_PROBLEM DESCRIPTION_.
Repeat the whole listing word for word, skipping pictures.
__________________________________________________
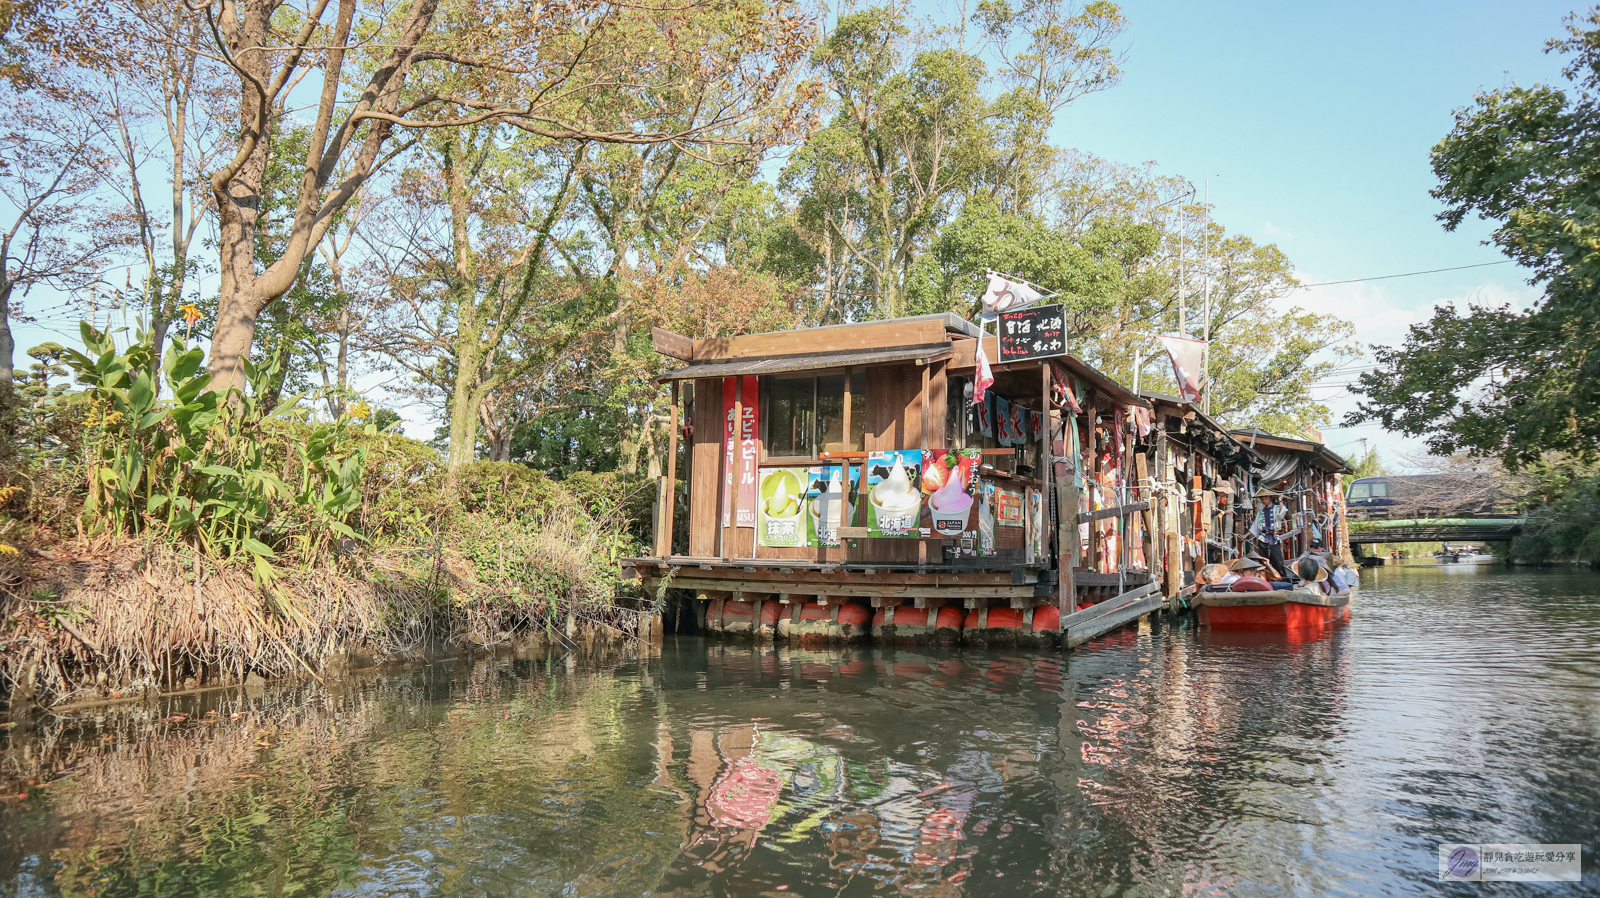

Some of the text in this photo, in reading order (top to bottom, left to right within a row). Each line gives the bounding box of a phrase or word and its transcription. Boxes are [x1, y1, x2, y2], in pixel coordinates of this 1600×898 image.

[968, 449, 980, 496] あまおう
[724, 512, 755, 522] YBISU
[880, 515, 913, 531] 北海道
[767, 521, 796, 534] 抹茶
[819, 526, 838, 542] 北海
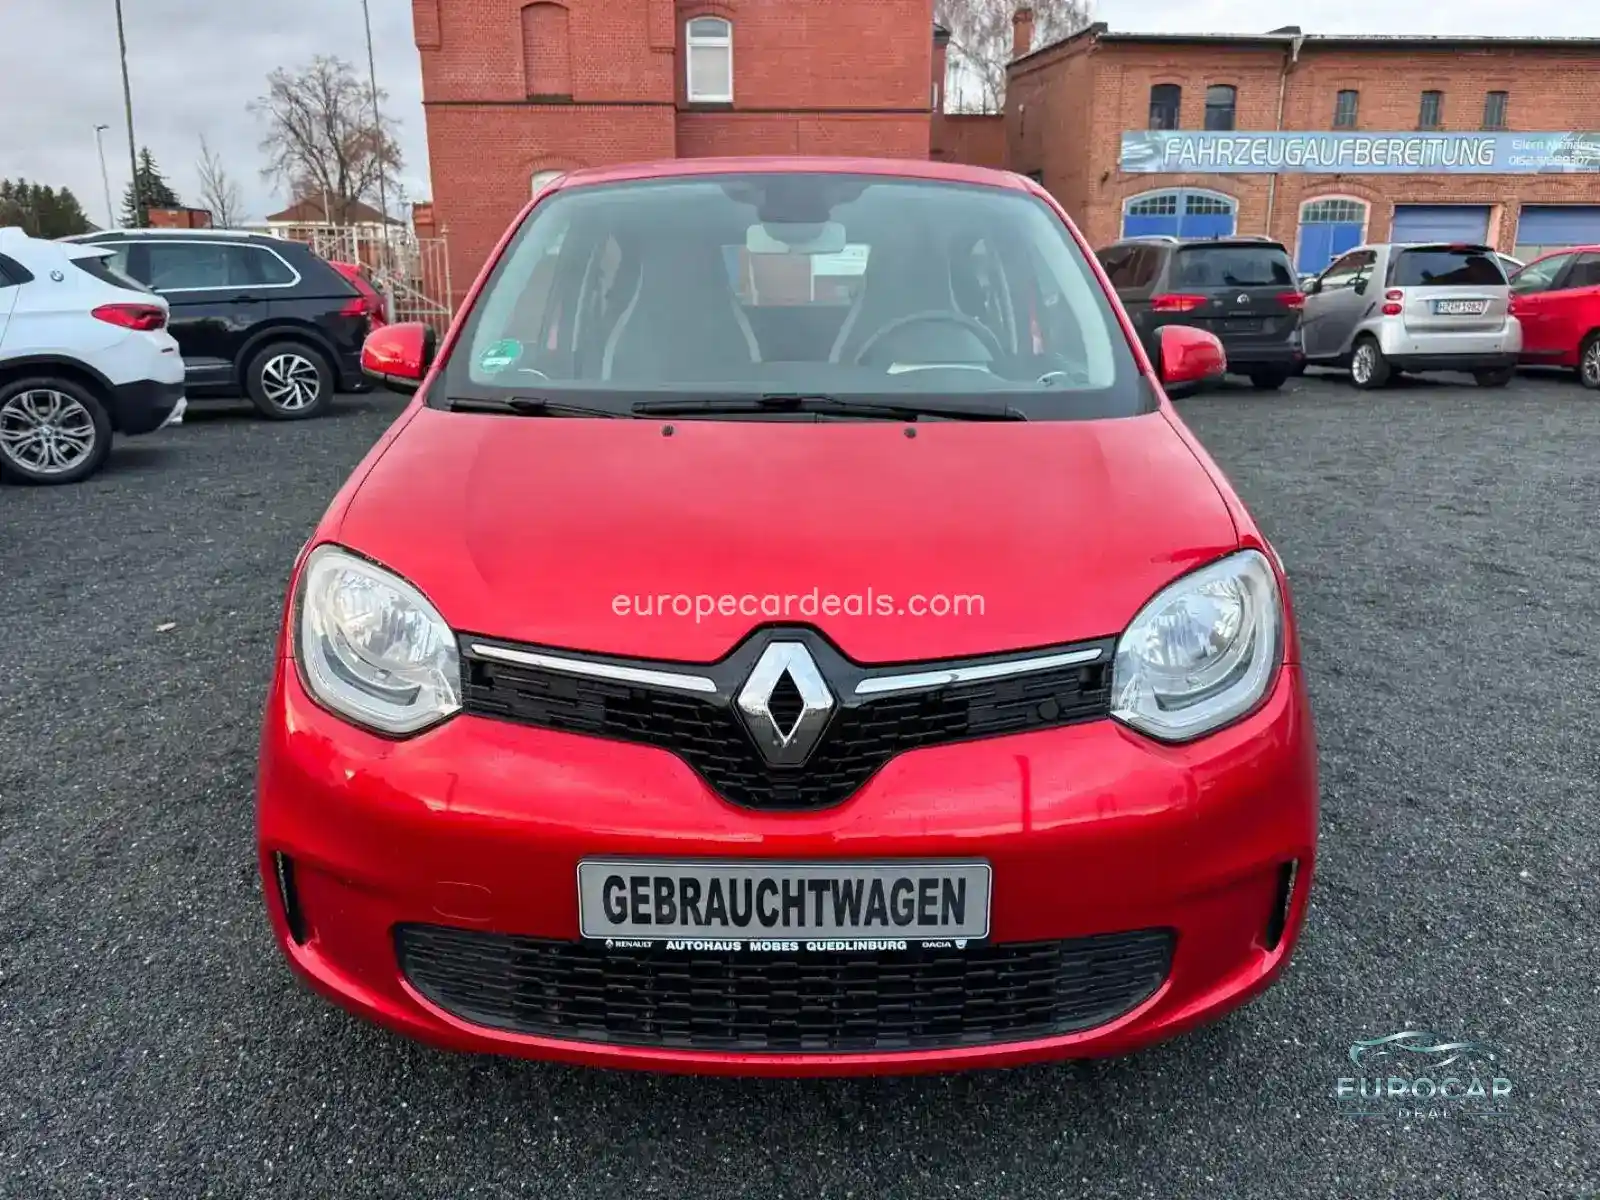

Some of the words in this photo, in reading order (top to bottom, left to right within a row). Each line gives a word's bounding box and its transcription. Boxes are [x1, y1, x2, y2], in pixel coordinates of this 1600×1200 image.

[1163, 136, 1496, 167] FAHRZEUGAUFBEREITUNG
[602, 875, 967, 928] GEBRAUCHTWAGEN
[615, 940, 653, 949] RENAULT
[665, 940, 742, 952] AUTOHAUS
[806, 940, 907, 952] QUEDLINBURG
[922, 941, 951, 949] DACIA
__________________________________________________
_RESPONSE_.
Some of the text in this photo, in reading order (top to bottom, left to right within a row). Each line gives the bounding box of a phrase or word and its transcription. Boxes are [x1, y1, x2, y2], in pixel coordinates of this 1600×898 image.

[968, 449, 980, 496] あまおう
[724, 512, 755, 522] YBISU
[880, 515, 913, 531] 北海道
[767, 521, 796, 534] 抹茶
[819, 526, 838, 542] 北海

Some of the words in this photo, in reading order (top to bottom, left to right within a row). Each line gives a word's bounding box and its transcription. Boxes are [x1, y1, x2, y2], in pixel coordinates of this 1600×1200 image.

[1163, 136, 1496, 167] FAHRZEUGAUFBEREITUNG
[602, 875, 967, 928] GEBRAUCHTWAGEN
[615, 940, 653, 949] RENAULT
[665, 940, 742, 952] AUTOHAUS
[806, 940, 907, 952] QUEDLINBURG
[922, 941, 951, 949] DACIA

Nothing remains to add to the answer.